WHAT THE EXERCISE ASKS:
Set down the line that has "this 1824×1824 image." and each line beneath it, through the last line of the entries, exactly and with no others.

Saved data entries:

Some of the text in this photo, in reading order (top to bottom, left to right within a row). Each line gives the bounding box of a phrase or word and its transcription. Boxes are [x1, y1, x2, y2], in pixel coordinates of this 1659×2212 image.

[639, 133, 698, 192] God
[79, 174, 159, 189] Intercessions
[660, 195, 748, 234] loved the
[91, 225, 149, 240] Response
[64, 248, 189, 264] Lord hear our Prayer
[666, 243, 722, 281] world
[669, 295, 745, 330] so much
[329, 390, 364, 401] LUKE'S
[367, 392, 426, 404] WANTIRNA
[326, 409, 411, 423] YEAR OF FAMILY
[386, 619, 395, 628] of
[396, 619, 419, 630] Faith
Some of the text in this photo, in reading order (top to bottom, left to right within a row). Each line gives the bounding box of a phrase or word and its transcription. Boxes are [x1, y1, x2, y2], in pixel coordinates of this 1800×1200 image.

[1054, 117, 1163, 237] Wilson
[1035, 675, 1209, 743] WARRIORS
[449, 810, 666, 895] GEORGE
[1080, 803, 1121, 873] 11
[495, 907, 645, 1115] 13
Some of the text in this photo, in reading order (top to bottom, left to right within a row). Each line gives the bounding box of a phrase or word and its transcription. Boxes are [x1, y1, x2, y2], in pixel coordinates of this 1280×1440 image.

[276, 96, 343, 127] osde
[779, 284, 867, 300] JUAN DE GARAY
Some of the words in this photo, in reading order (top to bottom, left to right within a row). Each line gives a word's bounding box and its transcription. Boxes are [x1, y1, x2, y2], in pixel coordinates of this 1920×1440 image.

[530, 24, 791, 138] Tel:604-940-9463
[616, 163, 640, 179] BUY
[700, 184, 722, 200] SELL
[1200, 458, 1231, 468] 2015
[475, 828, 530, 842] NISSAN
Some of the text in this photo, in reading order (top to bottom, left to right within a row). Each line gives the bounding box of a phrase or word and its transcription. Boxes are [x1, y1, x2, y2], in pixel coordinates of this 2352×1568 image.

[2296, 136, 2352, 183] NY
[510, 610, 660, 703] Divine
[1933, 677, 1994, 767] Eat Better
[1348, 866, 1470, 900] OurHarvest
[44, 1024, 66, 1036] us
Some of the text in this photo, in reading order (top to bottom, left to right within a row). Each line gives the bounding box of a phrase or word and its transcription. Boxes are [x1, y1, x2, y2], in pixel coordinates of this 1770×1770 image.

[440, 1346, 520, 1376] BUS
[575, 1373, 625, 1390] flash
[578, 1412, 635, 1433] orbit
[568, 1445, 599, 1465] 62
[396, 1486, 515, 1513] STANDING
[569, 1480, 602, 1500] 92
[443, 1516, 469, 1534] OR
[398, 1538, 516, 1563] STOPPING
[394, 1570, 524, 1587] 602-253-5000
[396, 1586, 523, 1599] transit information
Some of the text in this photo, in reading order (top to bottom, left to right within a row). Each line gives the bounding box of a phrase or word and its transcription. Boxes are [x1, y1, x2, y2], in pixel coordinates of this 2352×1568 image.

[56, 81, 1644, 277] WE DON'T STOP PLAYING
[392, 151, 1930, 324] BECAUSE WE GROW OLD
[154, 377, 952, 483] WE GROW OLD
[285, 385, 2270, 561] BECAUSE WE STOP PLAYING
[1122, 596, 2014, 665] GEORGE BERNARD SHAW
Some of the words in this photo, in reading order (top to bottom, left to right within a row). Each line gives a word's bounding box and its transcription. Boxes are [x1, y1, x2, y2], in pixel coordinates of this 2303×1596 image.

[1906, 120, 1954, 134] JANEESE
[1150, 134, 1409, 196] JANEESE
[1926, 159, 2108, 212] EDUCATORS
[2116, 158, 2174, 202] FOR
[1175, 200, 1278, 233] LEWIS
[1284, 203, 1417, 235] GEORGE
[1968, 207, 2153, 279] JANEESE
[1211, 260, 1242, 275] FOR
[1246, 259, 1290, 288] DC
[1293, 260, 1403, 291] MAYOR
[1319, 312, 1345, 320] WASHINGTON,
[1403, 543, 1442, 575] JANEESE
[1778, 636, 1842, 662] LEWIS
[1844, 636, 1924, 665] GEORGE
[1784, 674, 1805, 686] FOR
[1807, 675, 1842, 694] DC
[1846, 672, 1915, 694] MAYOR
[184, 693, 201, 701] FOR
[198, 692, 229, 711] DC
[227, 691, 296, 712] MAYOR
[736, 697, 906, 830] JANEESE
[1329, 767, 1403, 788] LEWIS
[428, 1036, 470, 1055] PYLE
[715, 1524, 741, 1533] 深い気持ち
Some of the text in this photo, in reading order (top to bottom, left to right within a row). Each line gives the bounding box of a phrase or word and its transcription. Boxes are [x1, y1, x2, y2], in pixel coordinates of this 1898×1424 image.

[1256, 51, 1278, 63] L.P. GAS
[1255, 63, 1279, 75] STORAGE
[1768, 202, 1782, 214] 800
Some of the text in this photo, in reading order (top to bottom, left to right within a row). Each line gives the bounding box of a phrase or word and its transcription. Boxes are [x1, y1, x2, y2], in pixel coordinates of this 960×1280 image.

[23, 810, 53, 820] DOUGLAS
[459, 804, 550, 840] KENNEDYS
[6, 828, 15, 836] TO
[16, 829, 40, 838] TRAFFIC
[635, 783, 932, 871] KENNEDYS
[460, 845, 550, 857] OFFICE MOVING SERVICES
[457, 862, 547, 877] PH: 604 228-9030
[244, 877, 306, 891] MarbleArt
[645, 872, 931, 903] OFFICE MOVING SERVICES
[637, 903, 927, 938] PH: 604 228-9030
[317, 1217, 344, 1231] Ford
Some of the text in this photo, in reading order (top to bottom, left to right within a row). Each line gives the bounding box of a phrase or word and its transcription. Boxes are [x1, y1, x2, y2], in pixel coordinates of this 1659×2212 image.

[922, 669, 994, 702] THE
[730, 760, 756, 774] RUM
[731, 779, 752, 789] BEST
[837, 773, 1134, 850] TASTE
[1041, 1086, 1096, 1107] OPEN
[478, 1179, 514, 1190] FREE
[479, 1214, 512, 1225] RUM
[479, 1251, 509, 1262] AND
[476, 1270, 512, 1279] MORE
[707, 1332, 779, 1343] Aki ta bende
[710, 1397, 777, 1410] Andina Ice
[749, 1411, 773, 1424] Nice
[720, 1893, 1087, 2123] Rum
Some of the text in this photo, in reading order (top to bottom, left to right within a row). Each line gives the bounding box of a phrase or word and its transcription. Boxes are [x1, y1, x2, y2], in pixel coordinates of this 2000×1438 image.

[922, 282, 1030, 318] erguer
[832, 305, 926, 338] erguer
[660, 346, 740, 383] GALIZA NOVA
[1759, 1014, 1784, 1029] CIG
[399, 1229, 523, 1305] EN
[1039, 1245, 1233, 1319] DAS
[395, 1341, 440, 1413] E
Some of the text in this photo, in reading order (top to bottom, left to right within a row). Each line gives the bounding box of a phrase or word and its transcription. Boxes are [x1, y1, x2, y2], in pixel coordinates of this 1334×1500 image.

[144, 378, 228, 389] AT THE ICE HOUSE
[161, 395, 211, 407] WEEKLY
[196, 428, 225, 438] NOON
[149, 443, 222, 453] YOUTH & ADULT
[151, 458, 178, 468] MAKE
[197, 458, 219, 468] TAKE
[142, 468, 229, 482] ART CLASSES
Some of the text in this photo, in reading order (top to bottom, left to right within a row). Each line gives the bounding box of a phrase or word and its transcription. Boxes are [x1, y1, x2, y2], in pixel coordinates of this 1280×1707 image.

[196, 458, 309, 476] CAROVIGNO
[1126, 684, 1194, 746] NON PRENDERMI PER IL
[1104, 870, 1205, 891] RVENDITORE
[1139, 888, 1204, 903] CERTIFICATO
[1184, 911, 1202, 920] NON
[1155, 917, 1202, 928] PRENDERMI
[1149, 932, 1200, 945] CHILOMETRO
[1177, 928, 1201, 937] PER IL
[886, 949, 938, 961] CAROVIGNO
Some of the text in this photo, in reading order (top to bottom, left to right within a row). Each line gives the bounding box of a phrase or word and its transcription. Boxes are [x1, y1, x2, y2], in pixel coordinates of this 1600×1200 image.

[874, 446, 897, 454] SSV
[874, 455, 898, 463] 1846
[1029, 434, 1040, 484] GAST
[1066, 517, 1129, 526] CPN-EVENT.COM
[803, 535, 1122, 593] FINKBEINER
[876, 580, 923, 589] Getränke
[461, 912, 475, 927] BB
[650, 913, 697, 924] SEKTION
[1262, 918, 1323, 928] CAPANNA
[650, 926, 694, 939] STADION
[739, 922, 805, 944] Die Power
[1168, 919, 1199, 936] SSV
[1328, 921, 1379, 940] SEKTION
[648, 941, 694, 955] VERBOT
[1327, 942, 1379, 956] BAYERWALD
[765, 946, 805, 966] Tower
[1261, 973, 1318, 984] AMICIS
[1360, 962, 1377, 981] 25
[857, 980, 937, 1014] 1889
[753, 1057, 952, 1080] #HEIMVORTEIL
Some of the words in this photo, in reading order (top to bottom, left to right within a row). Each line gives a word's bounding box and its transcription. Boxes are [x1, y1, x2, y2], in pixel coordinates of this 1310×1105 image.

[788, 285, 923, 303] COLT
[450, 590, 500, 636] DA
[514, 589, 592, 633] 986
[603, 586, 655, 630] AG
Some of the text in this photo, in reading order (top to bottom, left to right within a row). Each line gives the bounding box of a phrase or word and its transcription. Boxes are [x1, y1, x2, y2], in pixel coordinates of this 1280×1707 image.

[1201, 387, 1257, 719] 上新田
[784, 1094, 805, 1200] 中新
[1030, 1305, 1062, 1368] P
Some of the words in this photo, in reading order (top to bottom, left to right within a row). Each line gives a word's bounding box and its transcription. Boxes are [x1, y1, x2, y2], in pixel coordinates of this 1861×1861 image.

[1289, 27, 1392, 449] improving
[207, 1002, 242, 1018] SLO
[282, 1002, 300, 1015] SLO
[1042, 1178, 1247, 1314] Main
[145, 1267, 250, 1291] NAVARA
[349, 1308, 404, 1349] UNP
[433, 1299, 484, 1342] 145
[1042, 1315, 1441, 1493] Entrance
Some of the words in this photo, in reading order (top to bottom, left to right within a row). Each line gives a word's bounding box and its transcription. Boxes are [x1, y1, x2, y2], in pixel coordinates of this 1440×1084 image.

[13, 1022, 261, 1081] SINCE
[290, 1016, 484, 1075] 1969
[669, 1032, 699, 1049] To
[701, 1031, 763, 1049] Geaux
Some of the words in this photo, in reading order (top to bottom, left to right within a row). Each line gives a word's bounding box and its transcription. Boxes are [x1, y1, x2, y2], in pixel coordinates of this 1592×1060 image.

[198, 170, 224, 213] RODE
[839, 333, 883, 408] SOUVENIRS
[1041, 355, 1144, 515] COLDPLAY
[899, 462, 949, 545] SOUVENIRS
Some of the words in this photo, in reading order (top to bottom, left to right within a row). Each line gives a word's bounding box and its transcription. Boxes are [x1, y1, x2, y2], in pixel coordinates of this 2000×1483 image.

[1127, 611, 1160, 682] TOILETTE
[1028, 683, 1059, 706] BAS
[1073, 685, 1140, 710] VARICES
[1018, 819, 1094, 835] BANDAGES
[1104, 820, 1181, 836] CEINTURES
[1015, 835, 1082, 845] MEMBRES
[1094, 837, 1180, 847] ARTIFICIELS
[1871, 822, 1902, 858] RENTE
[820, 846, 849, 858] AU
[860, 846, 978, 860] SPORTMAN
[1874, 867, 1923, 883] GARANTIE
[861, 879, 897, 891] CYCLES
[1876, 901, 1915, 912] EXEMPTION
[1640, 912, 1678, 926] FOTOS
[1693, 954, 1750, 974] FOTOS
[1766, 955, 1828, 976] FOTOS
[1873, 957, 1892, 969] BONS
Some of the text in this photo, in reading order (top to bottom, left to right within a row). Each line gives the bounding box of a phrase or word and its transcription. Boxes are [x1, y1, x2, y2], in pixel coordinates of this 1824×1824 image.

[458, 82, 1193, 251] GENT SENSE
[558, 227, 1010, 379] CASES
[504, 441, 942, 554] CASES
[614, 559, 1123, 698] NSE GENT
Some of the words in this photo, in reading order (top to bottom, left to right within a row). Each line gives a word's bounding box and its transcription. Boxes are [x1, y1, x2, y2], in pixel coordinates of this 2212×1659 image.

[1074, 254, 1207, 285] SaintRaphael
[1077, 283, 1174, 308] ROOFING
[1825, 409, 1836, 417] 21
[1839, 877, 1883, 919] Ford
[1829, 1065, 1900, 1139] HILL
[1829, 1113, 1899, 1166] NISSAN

REPLY:
Some of the text in this photo, in reading order (top to bottom, left to right within a row). Each line gives the bounding box of a phrase or word and its transcription. Boxes are [x1, y1, x2, y2], in pixel coordinates of this 1824×1824 image.

[458, 82, 1193, 251] GENT SENSE
[558, 227, 1010, 379] CASES
[504, 441, 942, 554] CASES
[614, 559, 1123, 698] NSE GENT
Some of the words in this photo, in reading order (top to bottom, left to right within a row). Each line gives a word's bounding box and its transcription. Boxes are [x1, y1, x2, y2], in pixel coordinates of this 2212×1659 image.

[1074, 254, 1207, 285] SaintRaphael
[1077, 283, 1174, 308] ROOFING
[1825, 409, 1836, 417] 21
[1839, 877, 1883, 919] Ford
[1829, 1065, 1900, 1139] HILL
[1829, 1113, 1899, 1166] NISSAN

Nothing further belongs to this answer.